The foregoing is only a preferred embodiment of the present invention, and it should be noted that, for those skilled in the art, various modifications and decorations can be made without departing from the principle of the present invention, and these modifications and decorations should also be regarded as the protection scope of the present invention.

Claims (9)

1. A thiosulfonate-terminated mercaptosilane coupling agent has a structure shown in formula (I):

wherein, R is¹Is selected from C₁-C₁₈An alkyl, aryl or cycloalkyl group of (a); the R is²Is C_1-C₁₈Alkyl, aryl, cycloalkyl,Alkenyl or alkynyl; the R is³、R⁴、R⁵At least one is a hydrolyzable chlorine, bromine, alkoxy or ester group, the others are selected from hydrogen, alkyl, aryl or cycloalkyl.

2. The thiosulfonate-terminated mercaptosilane coupling agent of claim 1 selected from the group consisting of

3. The method for synthesizing the thiosulfonate-terminated mercaptosilane coupling agent according to claim 1 or 2, wherein the thiosulfonate-terminated mercaptosilane coupling agent is obtained by reacting a thiosulfonate-based compound with a sulfenyl chloride compound corresponding to mercaptoalkylsilane.

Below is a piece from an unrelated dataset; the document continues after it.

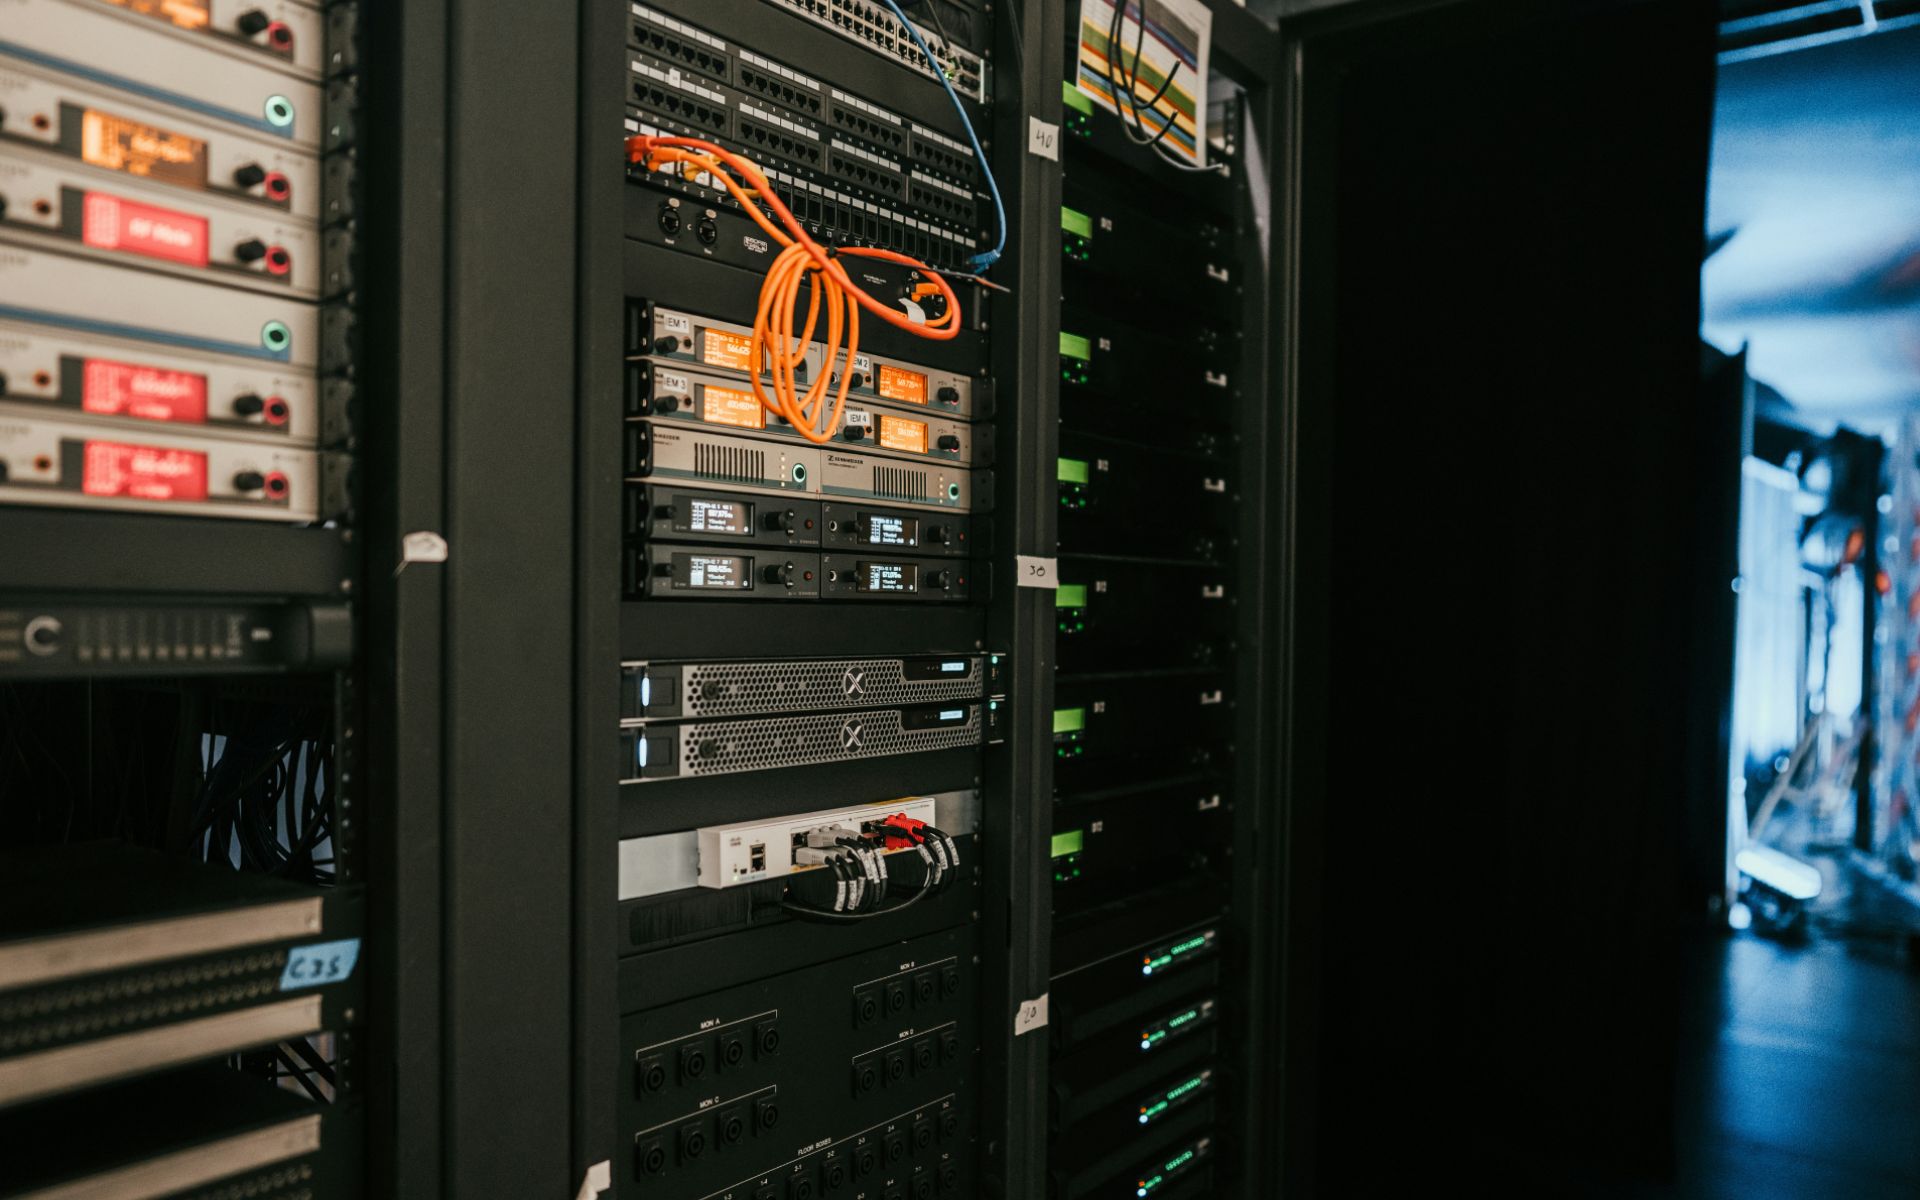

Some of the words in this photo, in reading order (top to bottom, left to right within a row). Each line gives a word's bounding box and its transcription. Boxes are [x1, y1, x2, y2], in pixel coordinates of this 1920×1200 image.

4. The method of claim 3, wherein the molar ratio of said thiosulfonate compound to the corresponding sulfenyl chloride compound of mercaptoalkylsilane is from 1:1.0 to 1.2.

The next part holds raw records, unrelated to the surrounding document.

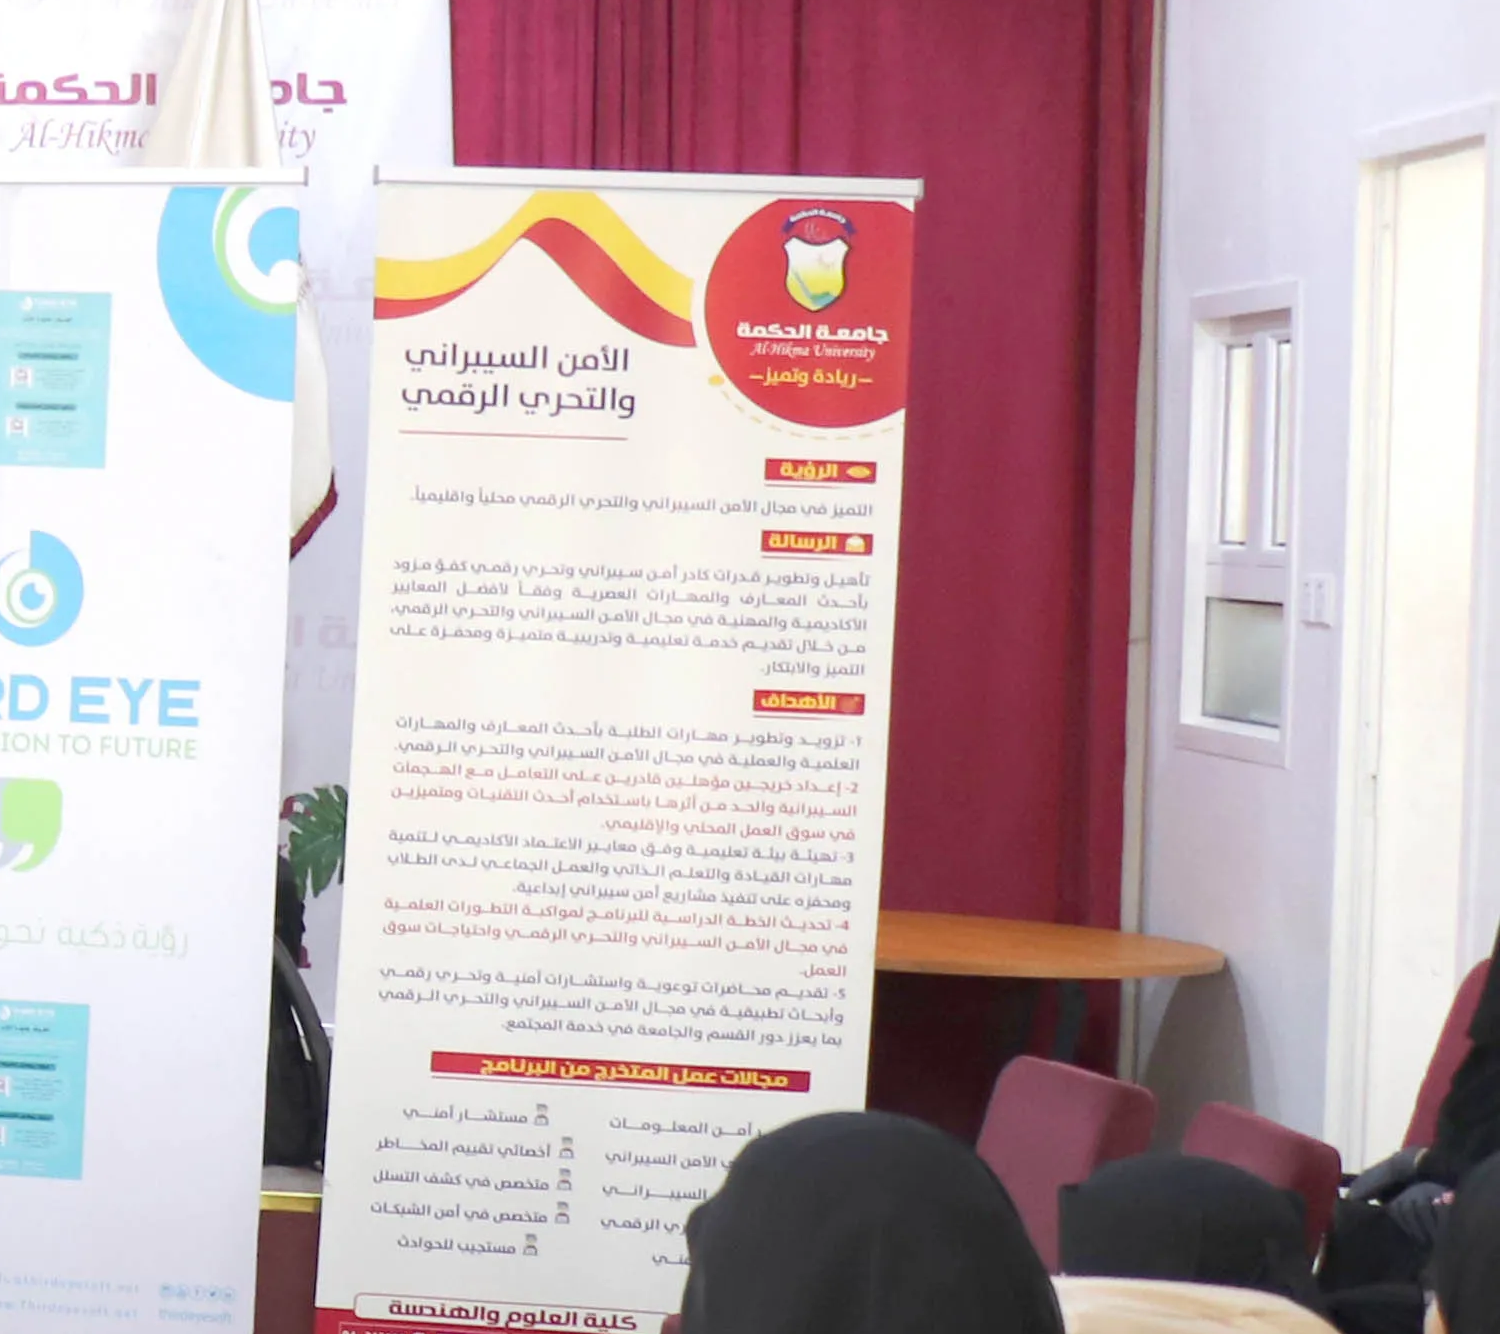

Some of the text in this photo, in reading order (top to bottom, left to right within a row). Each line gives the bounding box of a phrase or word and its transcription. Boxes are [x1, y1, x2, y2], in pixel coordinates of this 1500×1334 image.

[735, 320, 892, 346] جامعة الحكمة
[404, 341, 630, 377] الأمن السيبراني
[813, 342, 877, 363] University
[401, 382, 636, 420] والتحري الرقمي
[779, 461, 839, 481] الرؤية
[519, 493, 576, 510] الرقمي
[579, 493, 639, 512] والتحري
[641, 497, 717, 515] السيبراني
[760, 501, 798, 518] مجال
[800, 504, 828, 517] في
[829, 503, 874, 520] التميز
[768, 533, 839, 552] الرسالة
[69, 676, 201, 728] EYE
[760, 692, 838, 712] الأهداف
[59, 733, 93, 757] TO
[100, 734, 200, 762] FUTURE
[56, 918, 127, 956] ذكية
[131, 920, 189, 960] رؤية
[480, 1057, 791, 1088] مجالات عمل المتخرج من البرنامج
[402, 1104, 529, 1125] مستشار أمني
[375, 1135, 449, 1154] المخاطر
[451, 1143, 494, 1157] تقييم
[369, 1200, 549, 1225] متخصص في أمن الشبكات
[388, 1299, 638, 1333] كلية العلوم والهندسة

5. The synthesis method according to claim 3, wherein the reaction is carried out at room temperature for 8-12 h.

6. The method as claimed in claim 3, wherein the reaction is carried out by dissolving thiosulfonate compound in organic solvent under inert gas atmosphere to obtain reaction solution with concentration of 0.4-0.8mol/L, adding mercaptoalkylsilane corresponding sulfenyl chloride compound dropwise into the reaction solution, reacting at room temperature with magneton rotation speed of 500-800r/min and reaction time of 8-12 h.

7. The synthesis method of claim 3 or 6, wherein after the reaction is finished, the solvent of the reaction system is removed, and then column chromatography separation is carried out by using 400-mesh silica gel powder, the eluant system is petroleum ether and ethyl acetate, the gradient elution polarity selection range is 80:1-10:1, and finally the compound thiosulfonate terminated mercaptosilane coupling agent is obtained.

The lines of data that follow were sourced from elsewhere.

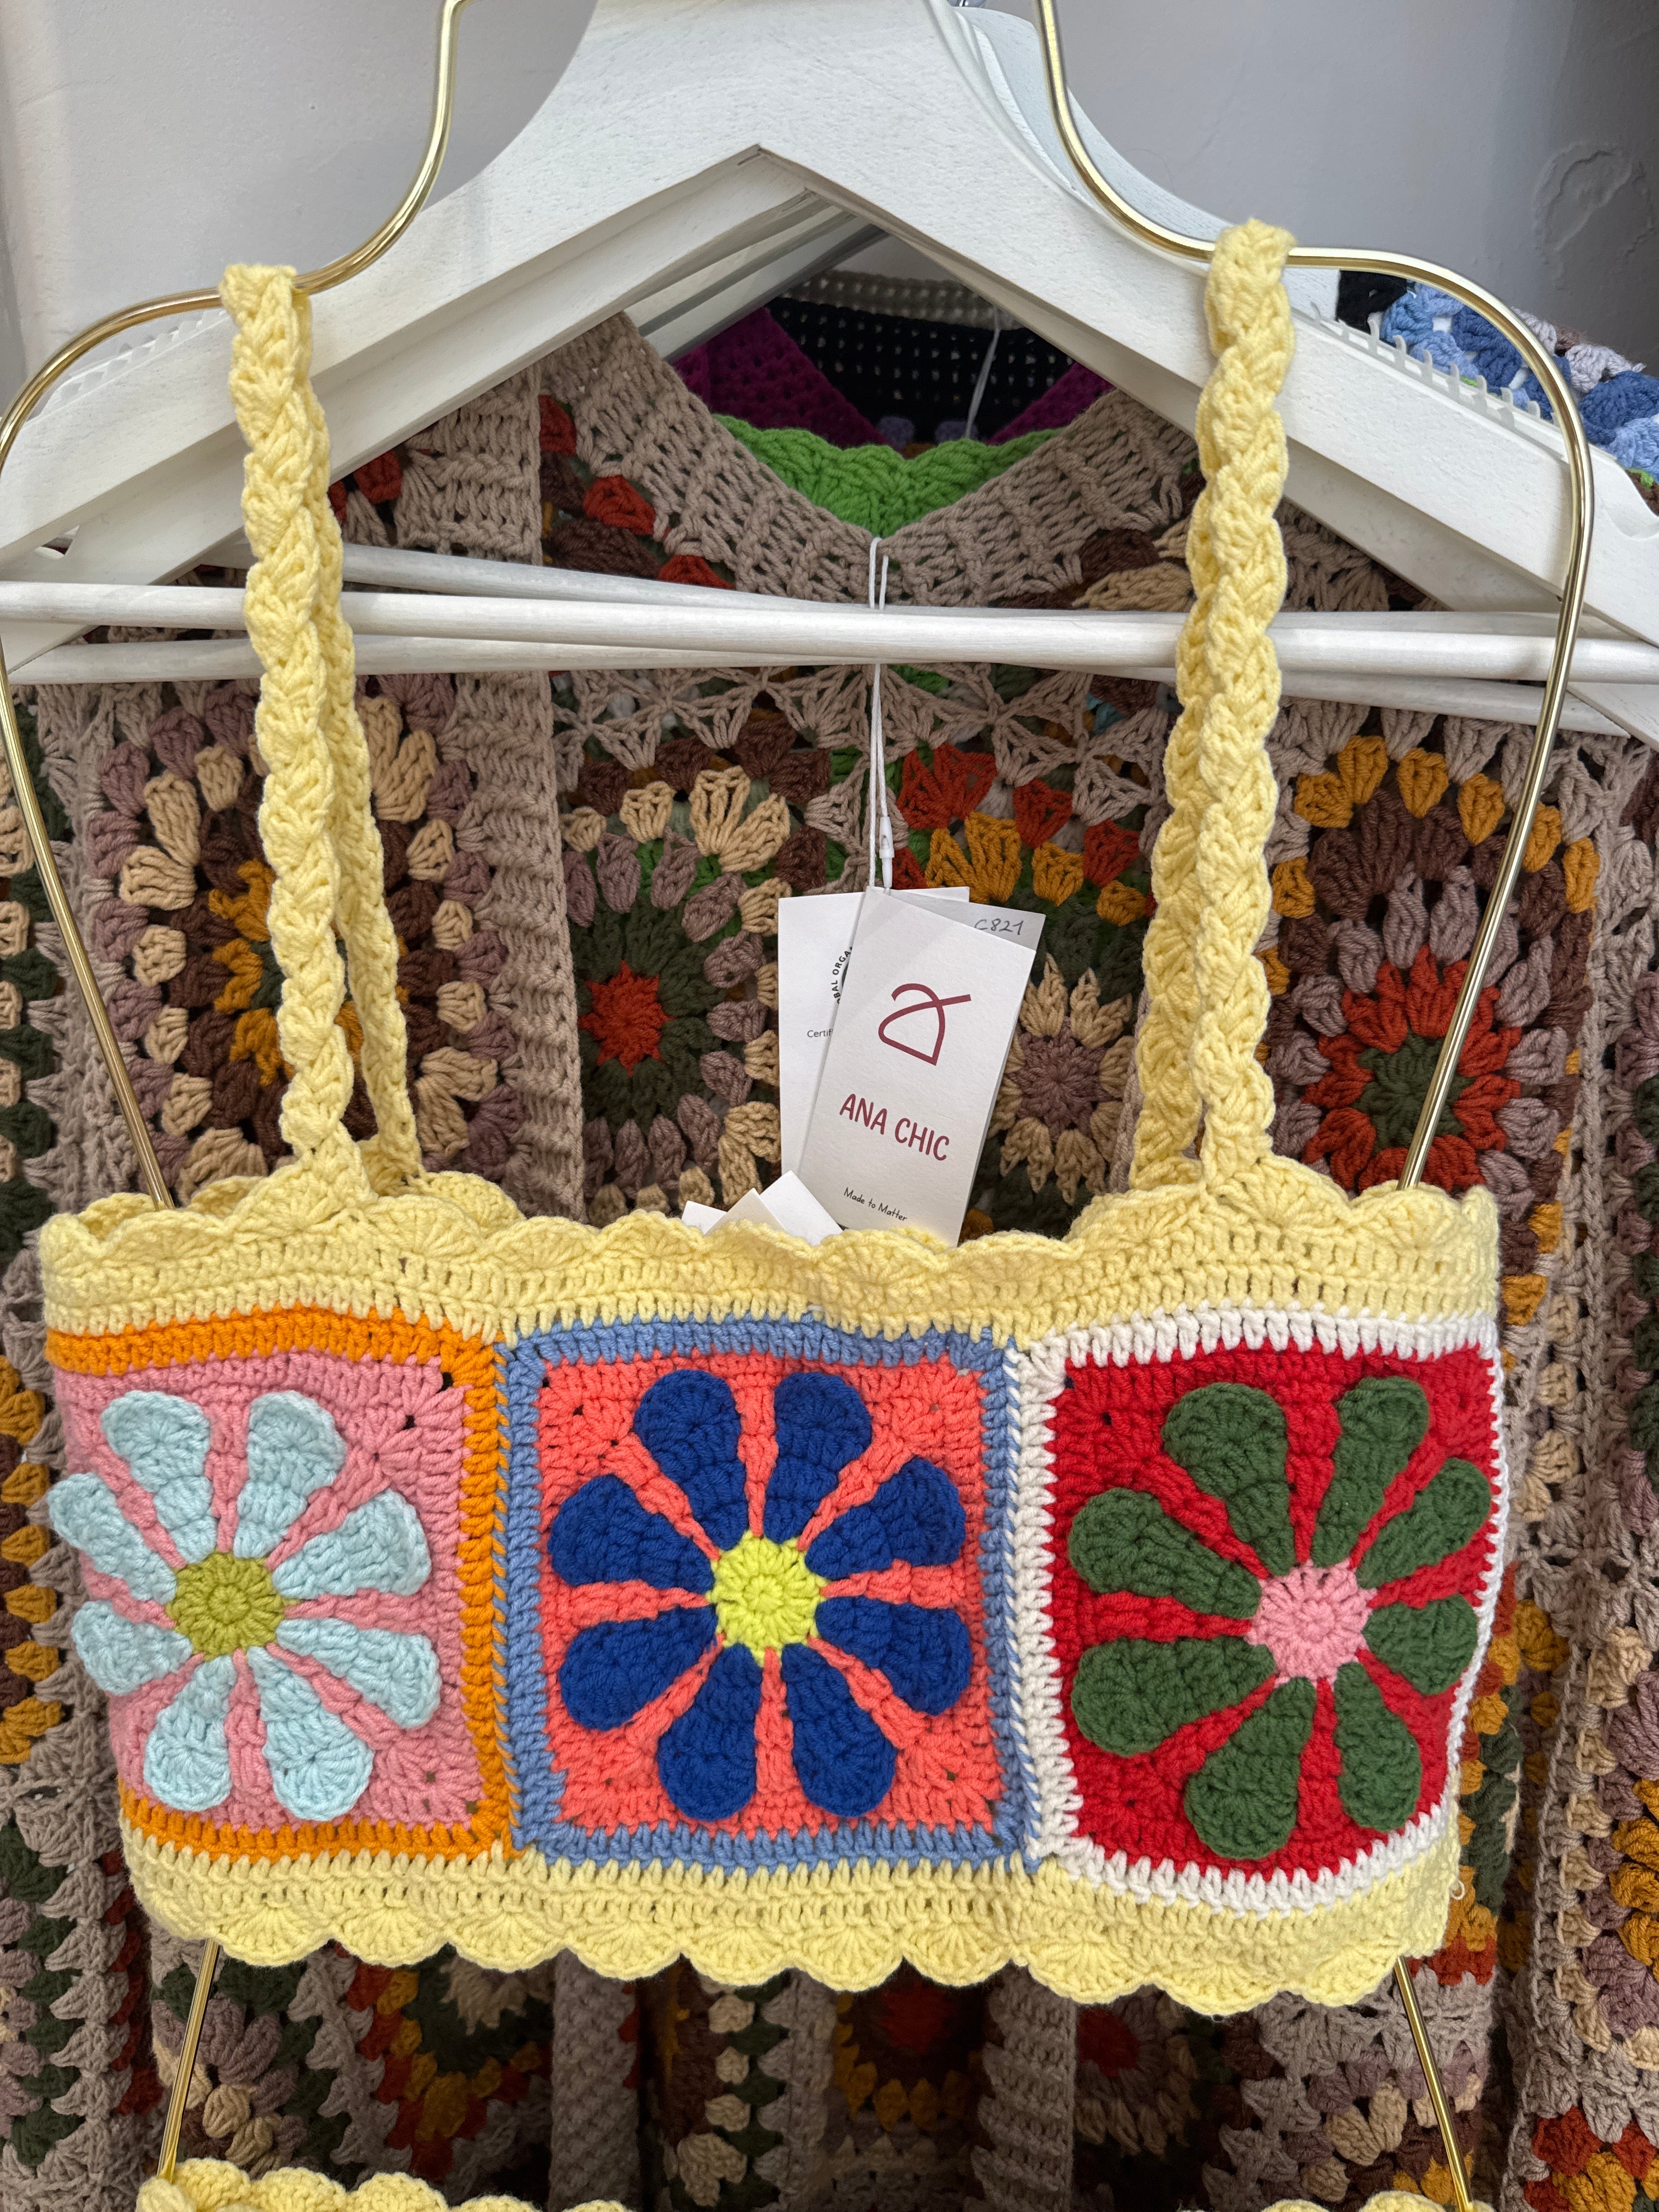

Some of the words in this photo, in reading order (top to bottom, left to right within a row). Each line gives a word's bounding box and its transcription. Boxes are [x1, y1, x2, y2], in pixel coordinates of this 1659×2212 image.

[974, 918, 1024, 935] C821
[832, 946, 853, 975] ORGA
[839, 1093, 888, 1135] ANA
[895, 1118, 950, 1161] CHIC
[844, 1187, 865, 1204] Made
[868, 1198, 876, 1208] to
[878, 1203, 907, 1221] Matter

8. Use of the thiosulfonate-terminated mercaptosilane coupling agent of claim 1 in rubber compounding or vulcanization to increase the interaction force between rubber and filler to reduce hysteresis loss.

9. The use of claim 8, wherein: and (3) applying the thiosulfonate-terminated mercaptosilane coupling agent to raw rubber isoprene rubber or butylbenzene/butadiene rubber, mixing, and vulcanizing to obtain vulcanized rubber.